(Records from a dataset)
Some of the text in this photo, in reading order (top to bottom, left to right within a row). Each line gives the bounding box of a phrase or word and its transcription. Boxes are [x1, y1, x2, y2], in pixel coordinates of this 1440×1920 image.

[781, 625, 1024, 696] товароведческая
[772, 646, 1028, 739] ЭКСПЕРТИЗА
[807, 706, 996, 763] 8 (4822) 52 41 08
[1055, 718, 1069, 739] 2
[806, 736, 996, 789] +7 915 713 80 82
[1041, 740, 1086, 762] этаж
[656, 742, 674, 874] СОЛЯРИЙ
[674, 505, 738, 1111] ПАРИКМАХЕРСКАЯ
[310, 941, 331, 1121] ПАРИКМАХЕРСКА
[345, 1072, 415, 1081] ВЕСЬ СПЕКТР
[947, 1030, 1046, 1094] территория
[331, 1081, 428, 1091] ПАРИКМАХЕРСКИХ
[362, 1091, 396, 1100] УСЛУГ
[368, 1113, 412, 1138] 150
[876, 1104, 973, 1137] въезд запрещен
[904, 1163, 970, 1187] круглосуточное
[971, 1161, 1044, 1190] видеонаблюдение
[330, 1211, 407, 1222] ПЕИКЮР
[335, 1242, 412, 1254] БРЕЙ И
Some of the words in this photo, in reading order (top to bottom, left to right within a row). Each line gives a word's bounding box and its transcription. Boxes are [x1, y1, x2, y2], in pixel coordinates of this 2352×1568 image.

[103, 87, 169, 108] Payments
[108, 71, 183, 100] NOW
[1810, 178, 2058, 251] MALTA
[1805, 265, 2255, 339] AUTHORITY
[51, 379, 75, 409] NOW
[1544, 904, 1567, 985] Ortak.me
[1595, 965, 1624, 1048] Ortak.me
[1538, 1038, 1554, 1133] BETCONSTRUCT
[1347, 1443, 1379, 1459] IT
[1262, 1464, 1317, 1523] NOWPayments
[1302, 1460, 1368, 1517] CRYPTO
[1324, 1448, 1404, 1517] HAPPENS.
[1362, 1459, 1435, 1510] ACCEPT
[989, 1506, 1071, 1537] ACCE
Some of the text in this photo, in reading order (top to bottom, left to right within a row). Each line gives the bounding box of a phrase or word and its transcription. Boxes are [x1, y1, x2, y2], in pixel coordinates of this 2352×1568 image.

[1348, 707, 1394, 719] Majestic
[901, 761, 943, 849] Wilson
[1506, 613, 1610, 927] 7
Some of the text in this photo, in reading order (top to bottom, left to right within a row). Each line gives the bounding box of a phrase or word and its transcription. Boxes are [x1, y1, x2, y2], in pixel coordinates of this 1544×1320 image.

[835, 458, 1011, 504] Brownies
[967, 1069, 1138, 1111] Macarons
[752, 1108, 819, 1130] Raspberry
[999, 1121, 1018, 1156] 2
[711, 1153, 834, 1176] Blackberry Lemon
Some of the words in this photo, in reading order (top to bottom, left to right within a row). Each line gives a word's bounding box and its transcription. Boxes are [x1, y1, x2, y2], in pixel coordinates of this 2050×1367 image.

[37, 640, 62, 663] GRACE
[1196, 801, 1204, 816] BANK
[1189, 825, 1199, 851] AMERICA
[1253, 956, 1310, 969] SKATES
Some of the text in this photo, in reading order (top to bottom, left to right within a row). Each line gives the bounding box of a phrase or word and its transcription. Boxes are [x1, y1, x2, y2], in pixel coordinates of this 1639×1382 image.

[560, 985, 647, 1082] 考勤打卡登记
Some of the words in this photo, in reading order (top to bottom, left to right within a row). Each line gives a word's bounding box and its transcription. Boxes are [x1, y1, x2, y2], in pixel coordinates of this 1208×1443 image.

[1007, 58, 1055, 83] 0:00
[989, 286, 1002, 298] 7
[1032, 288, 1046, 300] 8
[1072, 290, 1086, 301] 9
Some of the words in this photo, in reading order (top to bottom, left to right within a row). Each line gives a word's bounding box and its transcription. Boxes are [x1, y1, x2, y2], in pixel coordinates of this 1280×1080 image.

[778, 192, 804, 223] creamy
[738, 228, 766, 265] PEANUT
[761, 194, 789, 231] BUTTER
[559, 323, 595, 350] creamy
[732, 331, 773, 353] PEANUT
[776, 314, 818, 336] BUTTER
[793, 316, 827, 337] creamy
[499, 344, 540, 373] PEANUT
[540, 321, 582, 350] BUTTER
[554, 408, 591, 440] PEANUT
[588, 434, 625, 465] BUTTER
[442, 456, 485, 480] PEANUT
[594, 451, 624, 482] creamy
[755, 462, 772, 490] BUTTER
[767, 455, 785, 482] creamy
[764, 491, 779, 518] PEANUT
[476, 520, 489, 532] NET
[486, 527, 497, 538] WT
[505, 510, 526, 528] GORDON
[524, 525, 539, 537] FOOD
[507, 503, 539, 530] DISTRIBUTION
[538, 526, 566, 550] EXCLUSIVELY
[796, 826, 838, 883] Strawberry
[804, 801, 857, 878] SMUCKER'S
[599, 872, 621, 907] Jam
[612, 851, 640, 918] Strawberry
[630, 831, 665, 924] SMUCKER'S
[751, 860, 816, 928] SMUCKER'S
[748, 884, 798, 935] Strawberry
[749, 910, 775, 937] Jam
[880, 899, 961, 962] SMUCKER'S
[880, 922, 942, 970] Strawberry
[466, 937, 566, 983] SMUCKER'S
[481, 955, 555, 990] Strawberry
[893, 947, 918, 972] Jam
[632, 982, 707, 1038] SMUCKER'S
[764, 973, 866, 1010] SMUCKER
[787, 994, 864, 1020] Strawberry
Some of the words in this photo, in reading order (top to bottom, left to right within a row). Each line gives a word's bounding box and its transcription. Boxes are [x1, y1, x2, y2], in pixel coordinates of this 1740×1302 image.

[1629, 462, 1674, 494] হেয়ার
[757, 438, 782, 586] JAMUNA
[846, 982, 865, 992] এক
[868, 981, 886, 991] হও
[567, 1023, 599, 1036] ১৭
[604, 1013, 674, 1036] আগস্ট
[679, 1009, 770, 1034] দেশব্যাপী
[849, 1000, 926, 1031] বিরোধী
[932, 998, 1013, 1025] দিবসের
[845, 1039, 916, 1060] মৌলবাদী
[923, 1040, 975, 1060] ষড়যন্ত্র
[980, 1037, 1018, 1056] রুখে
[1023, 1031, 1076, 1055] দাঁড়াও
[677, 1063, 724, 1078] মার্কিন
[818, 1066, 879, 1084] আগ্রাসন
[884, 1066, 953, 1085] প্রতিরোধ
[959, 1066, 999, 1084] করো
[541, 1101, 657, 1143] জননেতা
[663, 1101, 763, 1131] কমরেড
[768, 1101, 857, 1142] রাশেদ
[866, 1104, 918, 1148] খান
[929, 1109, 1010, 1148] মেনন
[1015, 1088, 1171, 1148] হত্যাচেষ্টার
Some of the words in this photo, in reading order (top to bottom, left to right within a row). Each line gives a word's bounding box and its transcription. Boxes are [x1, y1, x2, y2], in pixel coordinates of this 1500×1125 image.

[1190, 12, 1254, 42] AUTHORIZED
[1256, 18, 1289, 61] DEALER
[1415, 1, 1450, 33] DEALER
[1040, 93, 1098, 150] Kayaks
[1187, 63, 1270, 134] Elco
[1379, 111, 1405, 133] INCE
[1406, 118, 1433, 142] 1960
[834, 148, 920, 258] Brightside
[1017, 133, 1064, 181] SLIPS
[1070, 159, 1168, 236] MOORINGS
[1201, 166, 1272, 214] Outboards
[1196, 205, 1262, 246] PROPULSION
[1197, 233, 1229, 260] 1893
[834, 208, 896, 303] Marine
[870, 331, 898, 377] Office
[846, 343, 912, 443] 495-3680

* **Assigned task**: Restate all of the data above. Match it word for word.

* **Reply to the exercise**:
Some of the text in this photo, in reading order (top to bottom, left to right within a row). Each line gives the bounding box of a phrase or word and its transcription. Boxes are [x1, y1, x2, y2], in pixel coordinates of this 1440×1920 image.

[781, 625, 1024, 696] товароведческая
[772, 646, 1028, 739] ЭКСПЕРТИЗА
[807, 706, 996, 763] 8 (4822) 52 41 08
[1055, 718, 1069, 739] 2
[806, 736, 996, 789] +7 915 713 80 82
[1041, 740, 1086, 762] этаж
[656, 742, 674, 874] СОЛЯРИЙ
[674, 505, 738, 1111] ПАРИКМАХЕРСКАЯ
[310, 941, 331, 1121] ПАРИКМАХЕРСКА
[345, 1072, 415, 1081] ВЕСЬ СПЕКТР
[947, 1030, 1046, 1094] территория
[331, 1081, 428, 1091] ПАРИКМАХЕРСКИХ
[362, 1091, 396, 1100] УСЛУГ
[368, 1113, 412, 1138] 150
[876, 1104, 973, 1137] въезд запрещен
[904, 1163, 970, 1187] круглосуточное
[971, 1161, 1044, 1190] видеонаблюдение
[330, 1211, 407, 1222] ПЕИКЮР
[335, 1242, 412, 1254] БРЕЙ И
Some of the words in this photo, in reading order (top to bottom, left to right within a row). Each line gives a word's bounding box and its transcription. Boxes are [x1, y1, x2, y2], in pixel coordinates of this 2352×1568 image.

[103, 87, 169, 108] Payments
[108, 71, 183, 100] NOW
[1810, 178, 2058, 251] MALTA
[1805, 265, 2255, 339] AUTHORITY
[51, 379, 75, 409] NOW
[1544, 904, 1567, 985] Ortak.me
[1595, 965, 1624, 1048] Ortak.me
[1538, 1038, 1554, 1133] BETCONSTRUCT
[1347, 1443, 1379, 1459] IT
[1262, 1464, 1317, 1523] NOWPayments
[1302, 1460, 1368, 1517] CRYPTO
[1324, 1448, 1404, 1517] HAPPENS.
[1362, 1459, 1435, 1510] ACCEPT
[989, 1506, 1071, 1537] ACCE
Some of the text in this photo, in reading order (top to bottom, left to right within a row). Each line gives the bounding box of a phrase or word and its transcription. Boxes are [x1, y1, x2, y2], in pixel coordinates of this 2352×1568 image.

[1348, 707, 1394, 719] Majestic
[901, 761, 943, 849] Wilson
[1506, 613, 1610, 927] 7
Some of the text in this photo, in reading order (top to bottom, left to right within a row). Each line gives the bounding box of a phrase or word and its transcription. Boxes are [x1, y1, x2, y2], in pixel coordinates of this 1544×1320 image.

[835, 458, 1011, 504] Brownies
[967, 1069, 1138, 1111] Macarons
[752, 1108, 819, 1130] Raspberry
[999, 1121, 1018, 1156] 2
[711, 1153, 834, 1176] Blackberry Lemon
Some of the words in this photo, in reading order (top to bottom, left to right within a row). Each line gives a word's bounding box and its transcription. Boxes are [x1, y1, x2, y2], in pixel coordinates of this 2050×1367 image.

[37, 640, 62, 663] GRACE
[1196, 801, 1204, 816] BANK
[1189, 825, 1199, 851] AMERICA
[1253, 956, 1310, 969] SKATES
Some of the text in this photo, in reading order (top to bottom, left to right within a row). Each line gives the bounding box of a phrase or word and its transcription. Boxes are [x1, y1, x2, y2], in pixel coordinates of this 1639×1382 image.

[560, 985, 647, 1082] 考勤打卡登记
Some of the words in this photo, in reading order (top to bottom, left to right within a row). Each line gives a word's bounding box and its transcription. Boxes are [x1, y1, x2, y2], in pixel coordinates of this 1208×1443 image.

[1007, 58, 1055, 83] 0:00
[989, 286, 1002, 298] 7
[1032, 288, 1046, 300] 8
[1072, 290, 1086, 301] 9
Some of the words in this photo, in reading order (top to bottom, left to right within a row). Each line gives a word's bounding box and its transcription. Boxes are [x1, y1, x2, y2], in pixel coordinates of this 1280×1080 image.

[778, 192, 804, 223] creamy
[738, 228, 766, 265] PEANUT
[761, 194, 789, 231] BUTTER
[559, 323, 595, 350] creamy
[732, 331, 773, 353] PEANUT
[776, 314, 818, 336] BUTTER
[793, 316, 827, 337] creamy
[499, 344, 540, 373] PEANUT
[540, 321, 582, 350] BUTTER
[554, 408, 591, 440] PEANUT
[588, 434, 625, 465] BUTTER
[442, 456, 485, 480] PEANUT
[594, 451, 624, 482] creamy
[755, 462, 772, 490] BUTTER
[767, 455, 785, 482] creamy
[764, 491, 779, 518] PEANUT
[476, 520, 489, 532] NET
[486, 527, 497, 538] WT
[505, 510, 526, 528] GORDON
[524, 525, 539, 537] FOOD
[507, 503, 539, 530] DISTRIBUTION
[538, 526, 566, 550] EXCLUSIVELY
[796, 826, 838, 883] Strawberry
[804, 801, 857, 878] SMUCKER'S
[599, 872, 621, 907] Jam
[612, 851, 640, 918] Strawberry
[630, 831, 665, 924] SMUCKER'S
[751, 860, 816, 928] SMUCKER'S
[748, 884, 798, 935] Strawberry
[749, 910, 775, 937] Jam
[880, 899, 961, 962] SMUCKER'S
[880, 922, 942, 970] Strawberry
[466, 937, 566, 983] SMUCKER'S
[481, 955, 555, 990] Strawberry
[893, 947, 918, 972] Jam
[632, 982, 707, 1038] SMUCKER'S
[764, 973, 866, 1010] SMUCKER
[787, 994, 864, 1020] Strawberry
Some of the words in this photo, in reading order (top to bottom, left to right within a row). Each line gives a word's bounding box and its transcription. Boxes are [x1, y1, x2, y2], in pixel coordinates of this 1740×1302 image.

[1629, 462, 1674, 494] হেয়ার
[757, 438, 782, 586] JAMUNA
[846, 982, 865, 992] এক
[868, 981, 886, 991] হও
[567, 1023, 599, 1036] ১৭
[604, 1013, 674, 1036] আগস্ট
[679, 1009, 770, 1034] দেশব্যাপী
[849, 1000, 926, 1031] বিরোধী
[932, 998, 1013, 1025] দিবসের
[845, 1039, 916, 1060] মৌলবাদী
[923, 1040, 975, 1060] ষড়যন্ত্র
[980, 1037, 1018, 1056] রুখে
[1023, 1031, 1076, 1055] দাঁড়াও
[677, 1063, 724, 1078] মার্কিন
[818, 1066, 879, 1084] আগ্রাসন
[884, 1066, 953, 1085] প্রতিরোধ
[959, 1066, 999, 1084] করো
[541, 1101, 657, 1143] জননেতা
[663, 1101, 763, 1131] কমরেড
[768, 1101, 857, 1142] রাশেদ
[866, 1104, 918, 1148] খান
[929, 1109, 1010, 1148] মেনন
[1015, 1088, 1171, 1148] হত্যাচেষ্টার
Some of the words in this photo, in reading order (top to bottom, left to right within a row). Each line gives a word's bounding box and its transcription. Boxes are [x1, y1, x2, y2], in pixel coordinates of this 1500×1125 image.

[1190, 12, 1254, 42] AUTHORIZED
[1256, 18, 1289, 61] DEALER
[1415, 1, 1450, 33] DEALER
[1040, 93, 1098, 150] Kayaks
[1187, 63, 1270, 134] Elco
[1379, 111, 1405, 133] INCE
[1406, 118, 1433, 142] 1960
[834, 148, 920, 258] Brightside
[1017, 133, 1064, 181] SLIPS
[1070, 159, 1168, 236] MOORINGS
[1201, 166, 1272, 214] Outboards
[1196, 205, 1262, 246] PROPULSION
[1197, 233, 1229, 260] 1893
[834, 208, 896, 303] Marine
[870, 331, 898, 377] Office
[846, 343, 912, 443] 495-3680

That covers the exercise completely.